All my infirmiers were ill at once, and I only had two wretched greenhorns through the next week (a little too ignorant even to peel our daily cartload of potatoes). With such guests you can imagine I had no chance to write even a card. Wild work with thirty dressings a day, and everybody to wash from head to foot, and beds to make and a good deal of the carrying, beside the temperatures and usual details, and preparing the materials.
Just one word. In all these months I don't believe I've ever mentioned the exquisite compensation that comes almost daily in the shape of cards and letters from my children often very illiterate, but so full of heart "Chère petite mere," they begin, "Ma bonne petite maman," "Notre gentille Mademoiselle Miss, etc. And Gaston, you remember my naughty, adorable Gaston? writes me regularly from the trenches. Yesterday, I got another poem, written under a bombardment, decorated with crossed swords, croix de guerre, very chic, entitled "Non, Verdun Jamais!" He's the best patriot in the republic, is Gaston, and my, how he does love to trumpet victory, and curses on the Kaiser !
. . . I never finished the story of Capt. M. Occasionally, I'd hear a firm step along the salle, and a clear voice call out " Is Mlle. Miss visible? " and there he stood at the door of my cage (salle de pansements is too dignified), good to see, and bracing as a channel breeze; lithe and muscular, in a uniform that fitted, with a face absolutely handsome because of its honest ugliness, and high-bred withal. One day, he said, "What would you like for your blessés ? You can have anything you like! "I gasped, and stammered something about gum-drops or cigarettes "Is that all? Wouldn't you like a gramophone? That's better than a piano no work for you and if you move on you can take it with you." Would I? I almost wept right there as I thought of the joy of the children who never have anything to relieve the monotony, except some occasional silly prank of mine that is never musical. So it was arranged that I should have one straight from England with all the latest records, and meantime he'd "steal a march on the boys" and lend us theirs. The next day he appeared with 50 francs worth of cigarettes and the gramophone! You may believe we worked those records as they never had been worked before, with such joyous results.

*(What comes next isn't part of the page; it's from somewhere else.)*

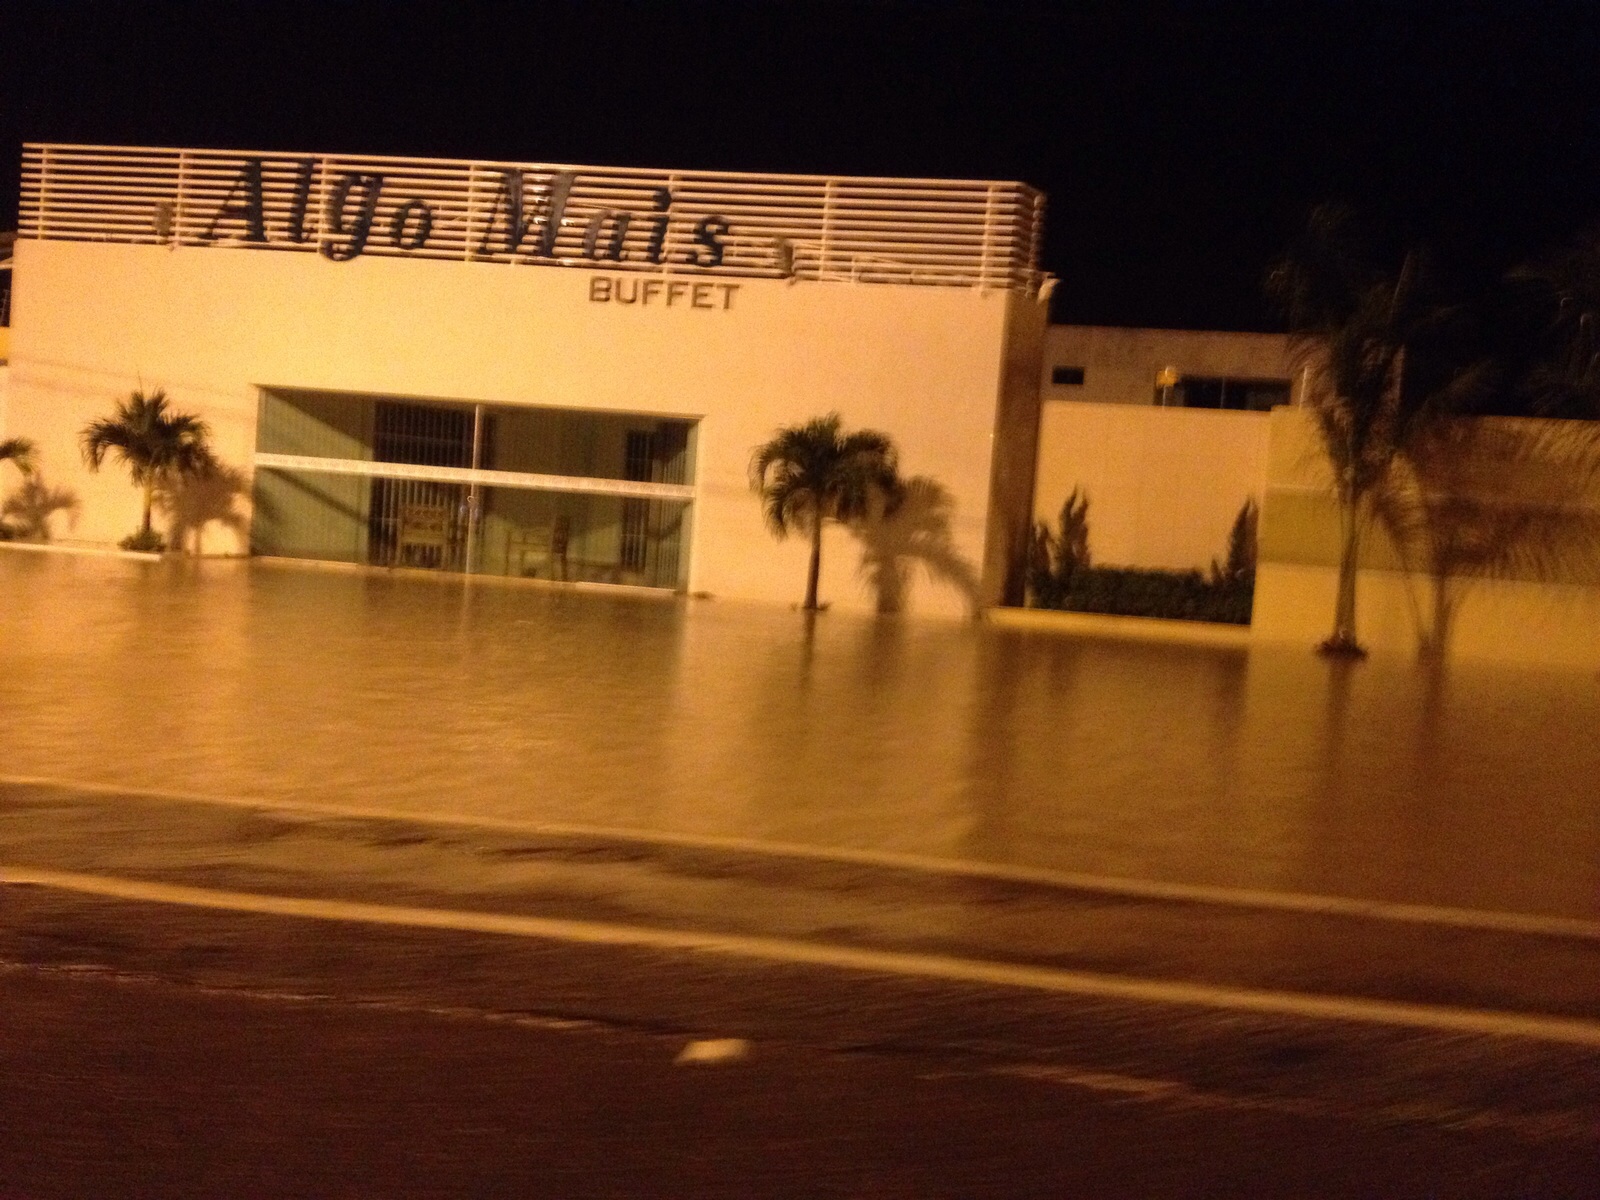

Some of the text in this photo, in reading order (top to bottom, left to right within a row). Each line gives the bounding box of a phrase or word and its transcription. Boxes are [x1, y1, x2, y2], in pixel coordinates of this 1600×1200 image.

It was rather a shock when the very day after came a telegram ominously prophetic of Verdun that ordered the St. John's Ambulance away "destination inconnue." Captain M. came to say good-by and get the gramophone. On leaving he gave me 100 francs to "buy paper for them to write to their best girls. " Just one week later, Sunday noon, as I crossed the court, my gallant Englishman appeared. He had come all the way from Bar-le-Duc to wish me good-day. He admired my stock of bandages and I made him up a package, and meantime we had a good talk about the world in general. It was good to talk to some one who really thinks and feels. That was the last I saw of him, nor have I heard. I hope with all my heart those bandages weren't prophetic.
Well, I'm going to Paris after six months here day after to-morrow. I can't believe it, hate to go, am almost afraid to, as if the ennui of separation from work were a beast that could devour me. But there is another big evacuation, and as there is a tie-up somewhere in the transportation system now that we depend on
Verdun instead of Champagne, it is a strategic moment to take a breathing space and arrange my affairs in Paris.
PARIS, March 19, 1916.
After exactly six months to-day since I quitted Paris, behold me once more in the arms of the enchantress. Her embrace is a bit stifling and her charms none too vivid, but then I haven't had much chance to fall under her spell, pressed as I am by the affairs of the moment and haunted by the dear wistful faces I have left.
Since you've always been so eager for details of my life "on duty" perhaps you'd like to know what happens when I'm off it, and why, of all times, when this affair of Verdun is at its height I should take an opportunity to slip out of my trench.
The truth is that I am the proud and swift vanquisher of the most gorgeous attack of grippe you ever saw. I got the best of it with a celerity that should win me a doctor's degree at least, and a decoration for my good vieille who attended to my wants with an enthusiastic faithfulness.
Behold me, then, restored but shaky, with that indefinite feeling in one's propellers that follows a fever. I returned to my "service" but didn't feel brilliant, and when I heard there was prospect of another evacuation, having matters to discuss with Mme. Carnot, I concluded it was the time appointed to migrate, if I wanted to be fresh for the coming strain, which will be fierce. The Médecin Chef who has never failed to show me his confidence and esteem, wanted to give me an unlimited "permission," with much advice to "stoke up" for the summer. But I chose to fix 10 days, which I can prolong later if I choose.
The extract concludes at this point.